On any given day, the giant square-shaped walkway features the surreal sight of soldiers sipping gourmet coffee and eating chocolate pastries with guns slung across their shoulders, while Canadians play ice hockey at a nearby rink and fighter jets thunder overhead.

The U.S. military says its beef with the burger joints is that they take up valuable resources like water, power, flight and convoy space and that cutting back on non-essentials is key to running an efficient military operation.

"This is a war zone -- not an amusement park," Command Sgt. Maj. Michael Hall wrote in a blog earlier this year.

"Supplying nonessential luxuries to big bases like Bagram and Kandahar makes it harder to get essential items to combat outposts and forward operating bases, where troops who are in the fight each day need resupply with ammunition, food and water."

When I first heard this story, I had conflicting thoughts and reactions.

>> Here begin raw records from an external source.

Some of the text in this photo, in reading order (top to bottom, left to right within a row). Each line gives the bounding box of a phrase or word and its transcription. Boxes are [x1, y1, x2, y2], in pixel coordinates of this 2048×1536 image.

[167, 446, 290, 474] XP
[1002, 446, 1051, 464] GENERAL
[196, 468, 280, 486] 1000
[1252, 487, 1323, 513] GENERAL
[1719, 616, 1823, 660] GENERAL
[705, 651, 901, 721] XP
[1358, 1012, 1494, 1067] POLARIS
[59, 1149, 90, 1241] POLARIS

And then I didn't.

I understand the logic but, since I've never been in the military, I can't claim to understand what it's like to be deployed. My liberal pro gun-control ass has been properly FBI-trained to shoot a wide variety of handguns. But I can't imagine what it's like to shoot at a person. I can't imagine what it's like to be dropped in the middle of the desert with my family thousands of miles away to get shot at. I can't imagine what it's like to have the very real possibility of getting blown up by a roadside bomb each and every day. I think I know enough to understand that it's a tough, high-stress job.

The time of debating whether or not we should be there is over. We're there. It's time to debate how we take care of our troops. And shouldn't they be entitled to a burger? To have a drink at at TGIFridays? It seems like - literally - the least they're entitled to. Hell, they should be given caviar, champagne and handjobs (and, for the ladies, whatever the corresponding, appropriate sexual act may be). Yes, water and supplies and the myriad of other logistics and supply chain considerations are vital and should in no way be interrupted. But we should be able to spot the troops a burger.

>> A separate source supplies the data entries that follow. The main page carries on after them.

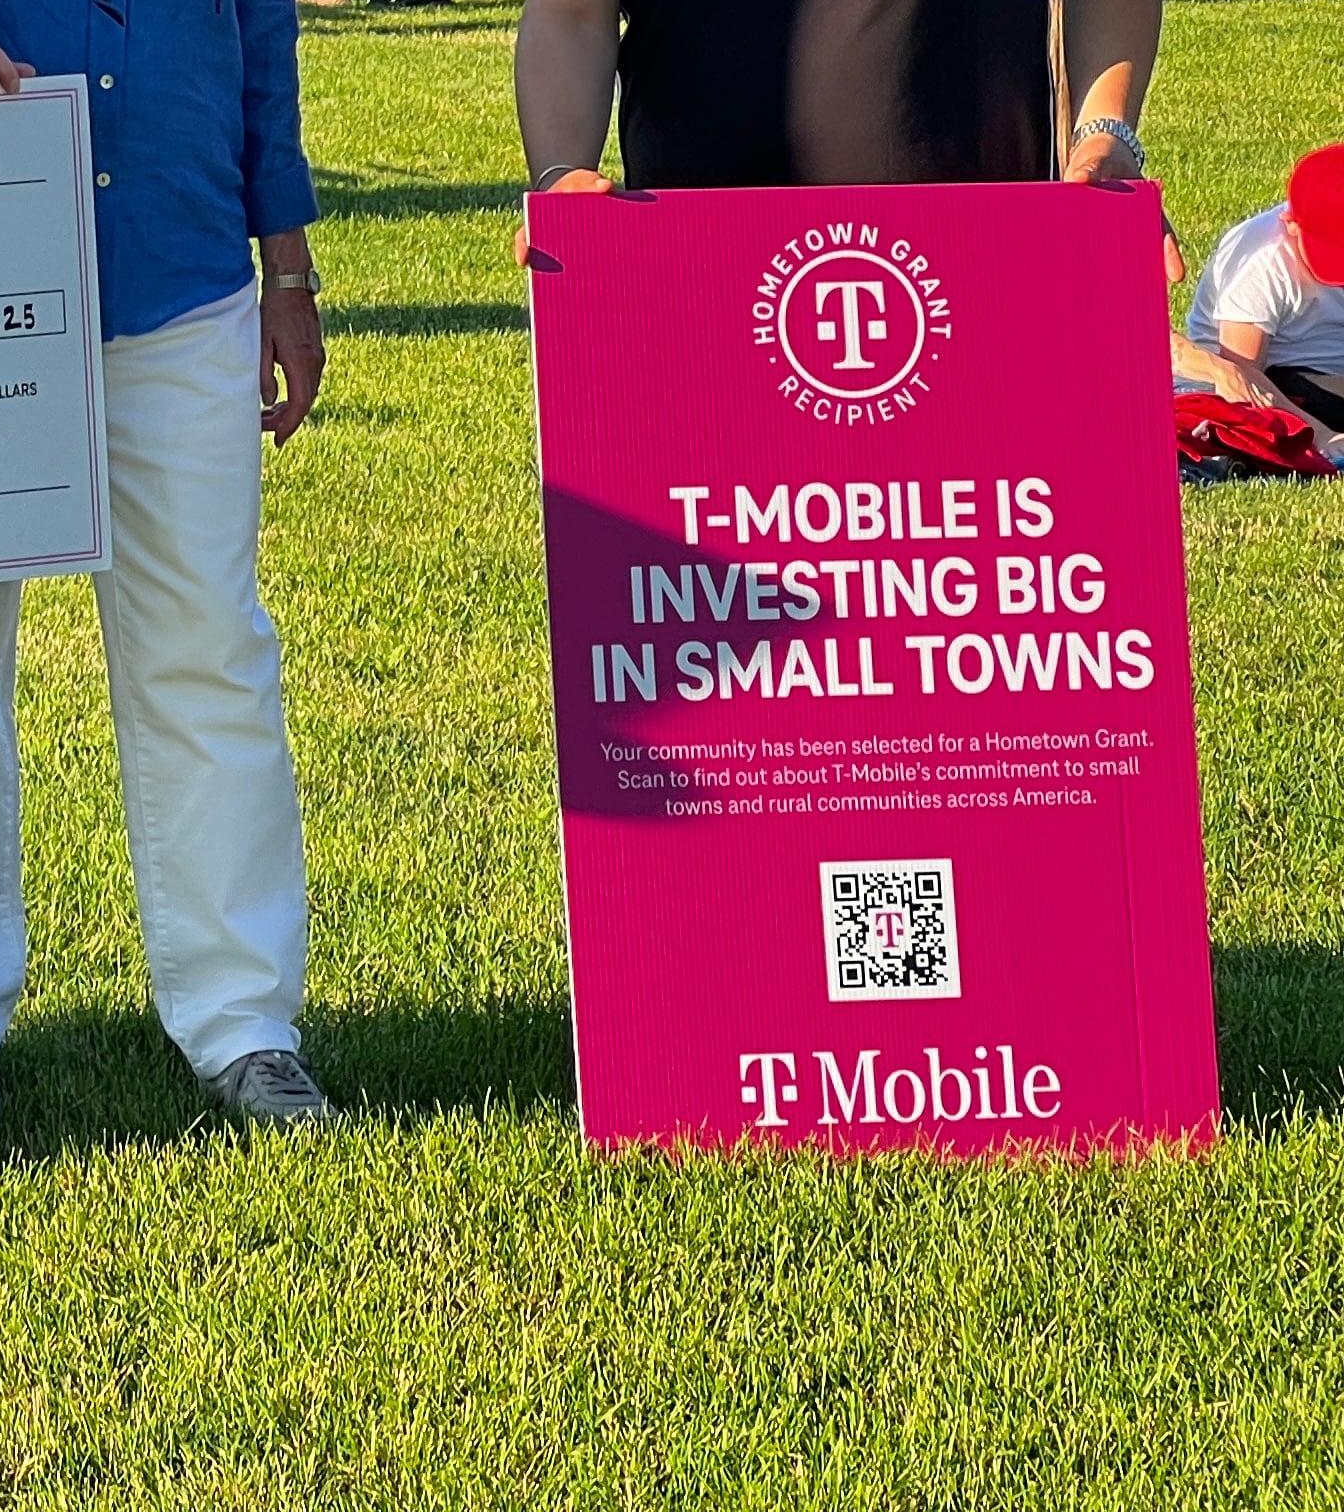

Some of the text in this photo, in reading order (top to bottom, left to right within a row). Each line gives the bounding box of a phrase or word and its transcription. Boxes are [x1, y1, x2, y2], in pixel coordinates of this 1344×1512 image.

[752, 221, 951, 345] HOMETOWN GRANT
[815, 281, 888, 370] T
[778, 372, 930, 426] RECIPIENT
[669, 477, 1055, 545] T-MOBILE IS
[629, 553, 1106, 625] INVESTING BIG
[591, 629, 1156, 703] IN SMALL TOWNS
[600, 728, 1154, 763] Your community has been selected for a Hometown Grant.
[617, 769, 664, 790] Scan
[669, 770, 689, 788] to
[693, 767, 731, 787] find
[735, 767, 768, 786] out
[772, 765, 828, 785] about
[935, 759, 1060, 781] commitment
[1063, 759, 1085, 778] to
[1089, 755, 1141, 777] small
[665, 786, 1097, 817] towns and rural communities across America.
[739, 1045, 1062, 1127] T Mobile

There's no possible way they wake up in the morning, look at the desert sprawling in front of them and, for any length of time, forget the fact that they're not in an amusement park.

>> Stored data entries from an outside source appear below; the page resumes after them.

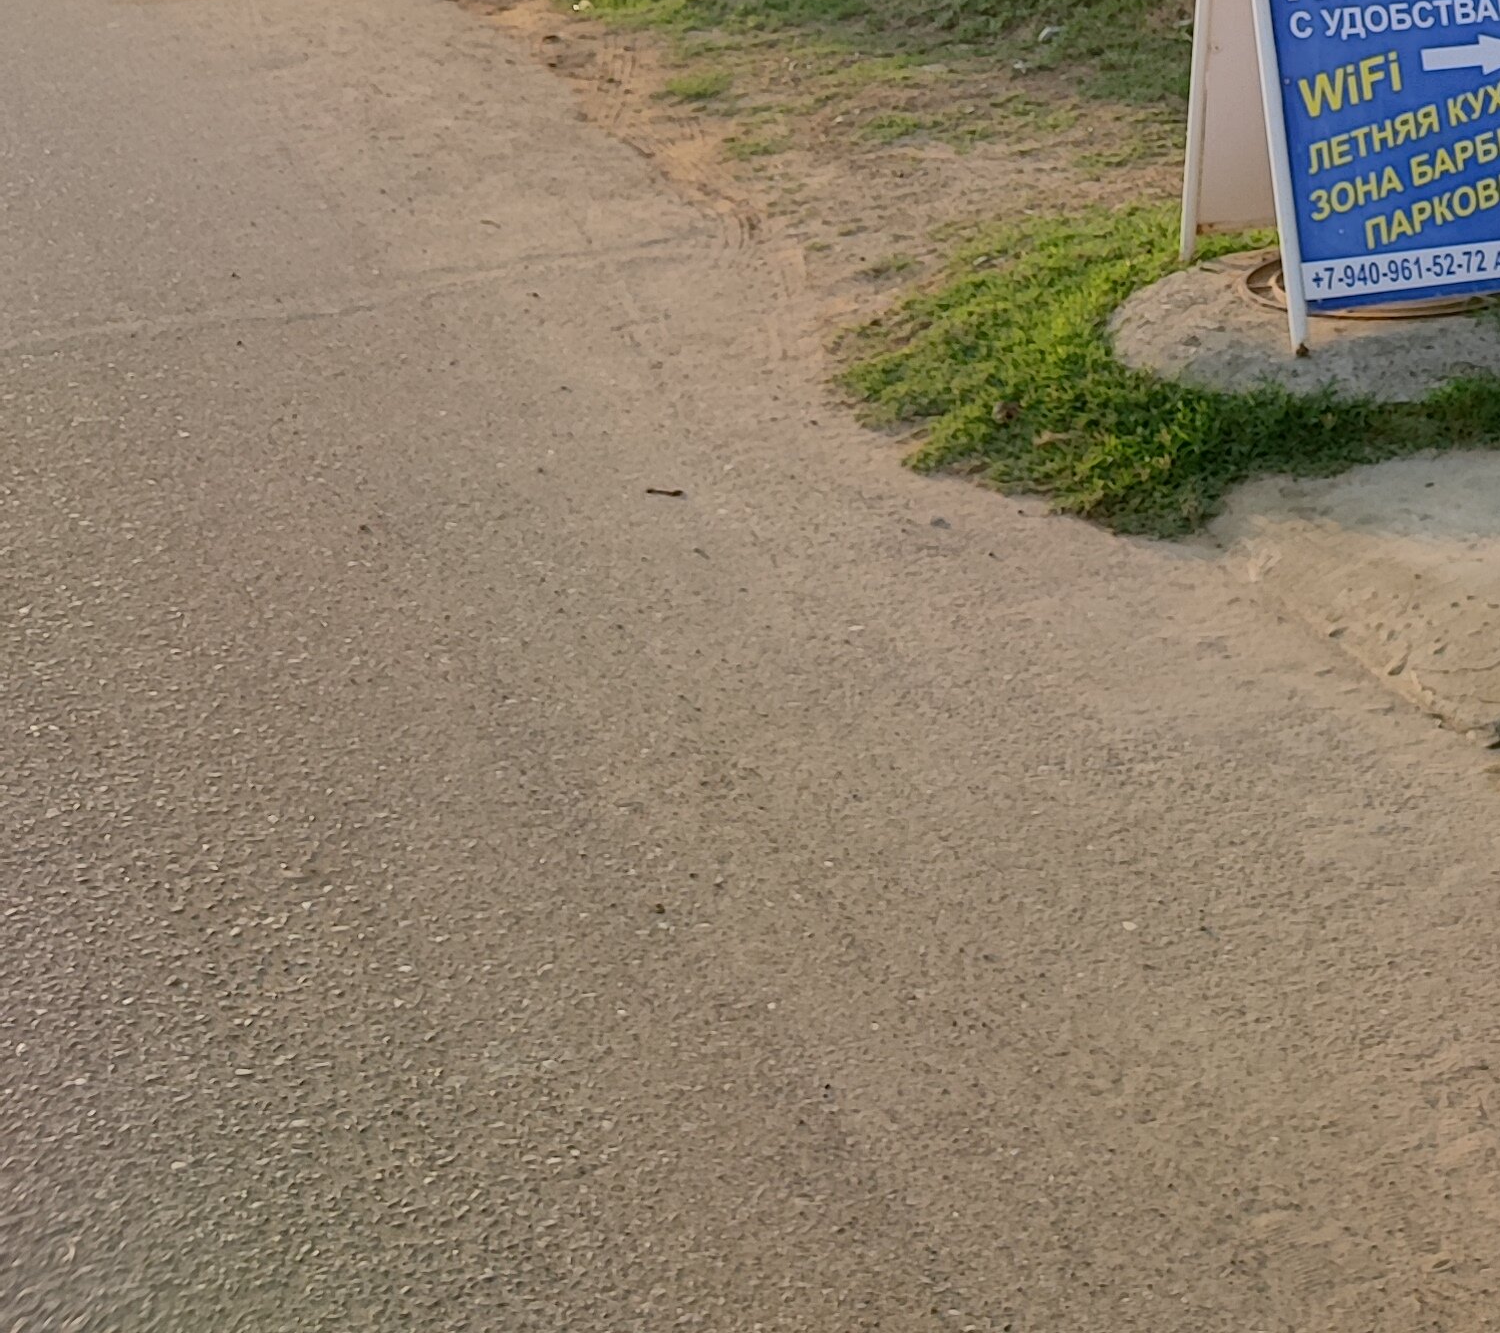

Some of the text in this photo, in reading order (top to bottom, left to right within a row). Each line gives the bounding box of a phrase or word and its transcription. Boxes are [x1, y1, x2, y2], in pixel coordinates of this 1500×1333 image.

[1289, 10, 1313, 40] С
[1298, 51, 1403, 119] WiFi
[1308, 103, 1441, 176] ЛЕТНЯЯ
[1309, 169, 1404, 222] ЗОНА
[1311, 250, 1487, 291] +7-940-961-52-72

Am I off base? Which side of the argument do you come down on?

Posted by Chris at April 7, 2010 7:01 AM

Well, I'm a military wife - and fortunately, my husband isn't deployed -- but if he were away from home, I think I would feel better if he had some of the comforts of home and if that's familiar food (Military food is kind of craptastic, IMO), then... so be it.

But, I've never asked his opinion on it - I should. Now I'm curious.

Posted by: sarah at April 7, 2010 7:11 AM

Gimme the Big Mac and Fries with an ice Cold Coca Cola!

Posted by: Maribeth at April 7, 2010 7:44 AM

Another military spouse here, with a husband who's been deployed before. He was in Baghdad for seven months and while he was there he had an allowance of $100 a month. Doesn't sound like much, but he lacked for nothing; everything was taken care of for him. The highlight of his weekends were going to the food court available and getting a Cinnabon. Every week he lived for those, and it gave him something to look forward to because it was a comfort from home.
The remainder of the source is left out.